Vladimir Putin: Você sabe que existem coisas de natureza absolutamente fundamental, como nossa cultura comum. Grandes figuras políticas europeias falaram no passado recente sobre a necessidade de expandir as relações entre Europa e Rússia, dizendo que a Rússia é parte da Europa. Geograficamente e, o mais importante, culturalmente, somos uma civilização. Os líderes franceses têm falado da necessidade de criar um espaço único de Lisboa até os Urais. Acredito nisso, e perguntei ‘mas por que parar nos Urais?
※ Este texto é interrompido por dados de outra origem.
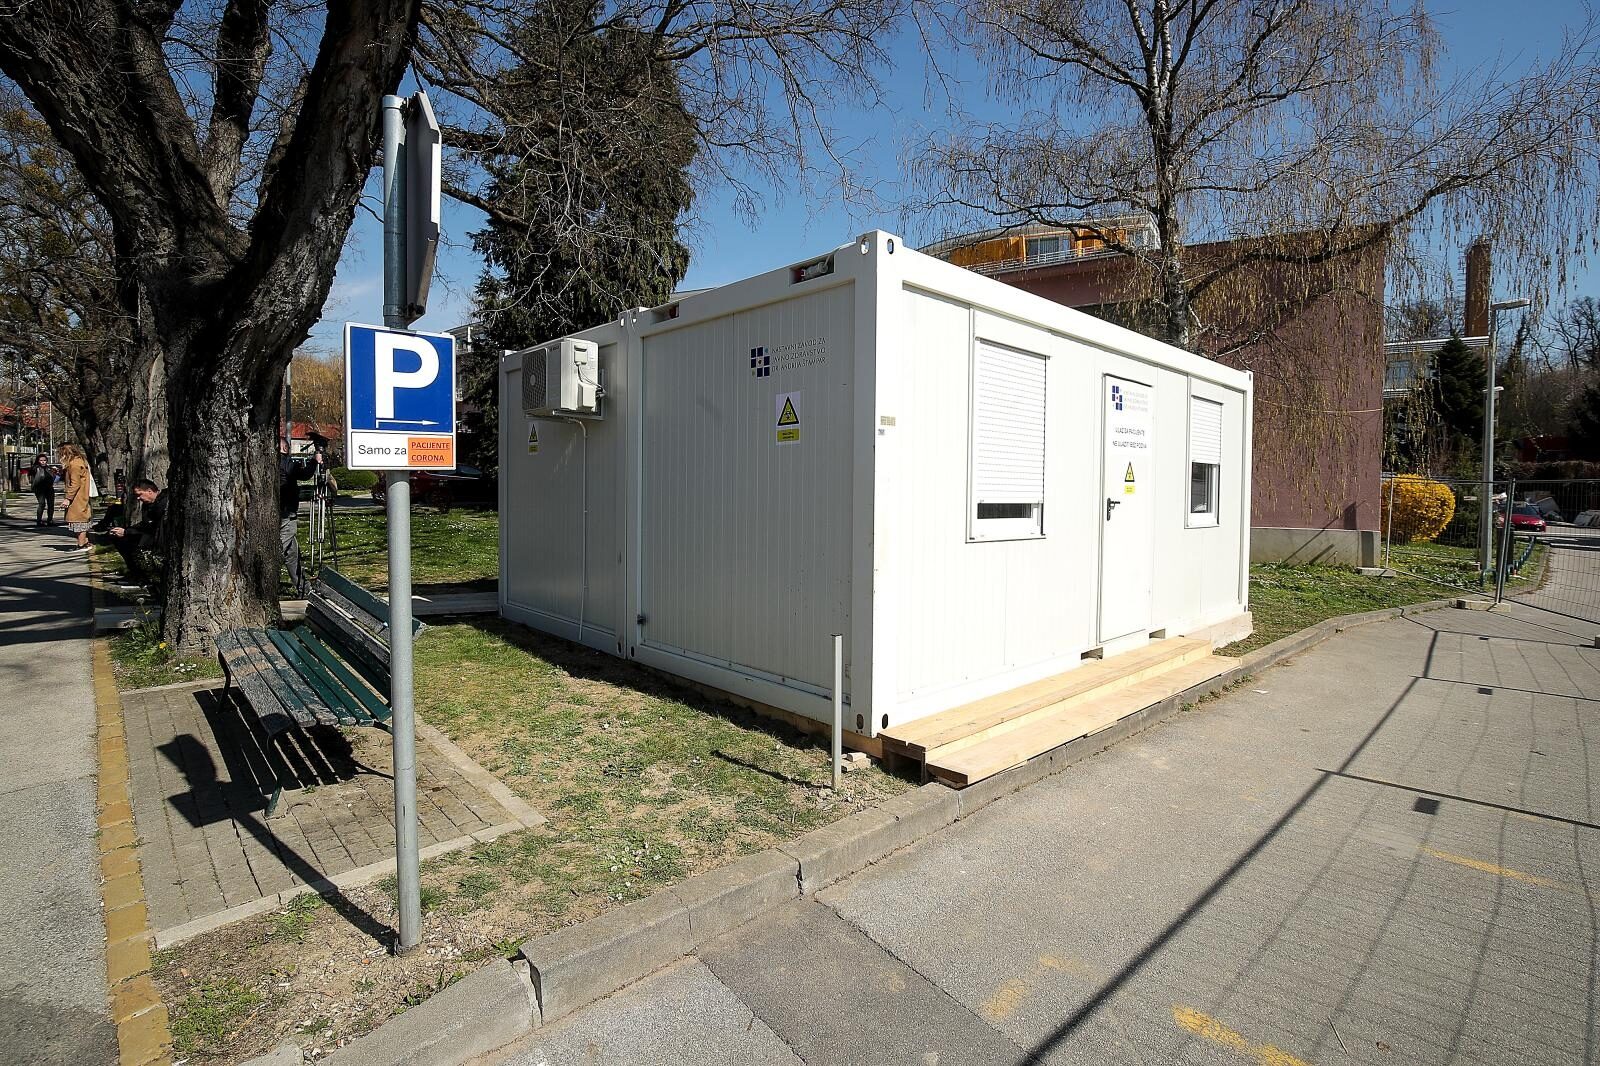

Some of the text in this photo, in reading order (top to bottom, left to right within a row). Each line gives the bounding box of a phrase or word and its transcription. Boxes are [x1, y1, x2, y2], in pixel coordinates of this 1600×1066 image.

Que seja de Lisboa até Vladivostok.
Pessoalmente ouvi o notável político europeu, ex-chanceler Helmut Kohl, dizer que se queremos que a cultura europeia sobreviva e permaneça um centro da civilização mundial no futuro, tendo em mente os desafios e tendências subjacentes à civilização mundial, então, é claro, a Europa Ocidental e a Rússia devem estar juntas. É difícil discordar disso. Nós temos exatamente o mesmo ponto de vista.
Claramente, a situação de hoje não é normal. Temos de voltar a uma agenda positiva. Isto é do interesse da Rússia e, estou confiante, dos países europeus. Claramente, a pandemia também aí tem desempenhado papel negativo. Nosso comércio com a União Europeia está em baixa, embora a UE seja um de nossos principais parceiros comerciais e econômicos. Nossa agenda inclui o retorno às tendências positivas e o desenvolvimento do comércio e da cooperação econômica.
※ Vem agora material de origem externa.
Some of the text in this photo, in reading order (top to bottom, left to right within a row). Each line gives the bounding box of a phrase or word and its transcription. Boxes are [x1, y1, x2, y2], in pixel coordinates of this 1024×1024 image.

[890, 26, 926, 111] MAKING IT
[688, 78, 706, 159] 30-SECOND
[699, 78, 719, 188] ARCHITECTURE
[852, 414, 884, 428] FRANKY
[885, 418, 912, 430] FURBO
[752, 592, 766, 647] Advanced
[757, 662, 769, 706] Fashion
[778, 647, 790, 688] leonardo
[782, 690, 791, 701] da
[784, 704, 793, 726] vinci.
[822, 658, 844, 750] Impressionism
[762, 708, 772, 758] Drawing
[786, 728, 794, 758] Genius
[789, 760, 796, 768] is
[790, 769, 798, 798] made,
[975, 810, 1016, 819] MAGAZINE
A Europa e a Rússia são parceiros absolutamente naturais do ponto de vista da economia, pesquisa, tecnologia e desenvolvimento espacial da cultura europeia, uma vez que a Rússia, sendo país de cultura europeia, é um pouco maior do que toda a UE em termos de território. Os recursos e o potencial humano da Rússia são enormes. Não vou passar em revista tudo o que é positivo na Europa, o que também pode beneficiar a Federação Russa.
Só uma coisa importa: precisamos abordar honestamente o diálogo entre nós. Precisamos descartar as fobias do passado, deixar de usar os problemas que herdamos dos séculos passados nos processos políticos internos e olhar para o futuro. Se pudermos superar esses problemas do passado e nos livrarmos dessas fobias, certamente desfrutaremos de uma etapa positiva em nossas relações.
Estamos prontos para isso, queremos isso, e nos esforçaremos para fazer isso acontecer. Mas o amor é impossível se só um lado declarar-se. A declaração tem de ser mútua” [fim da transcrição].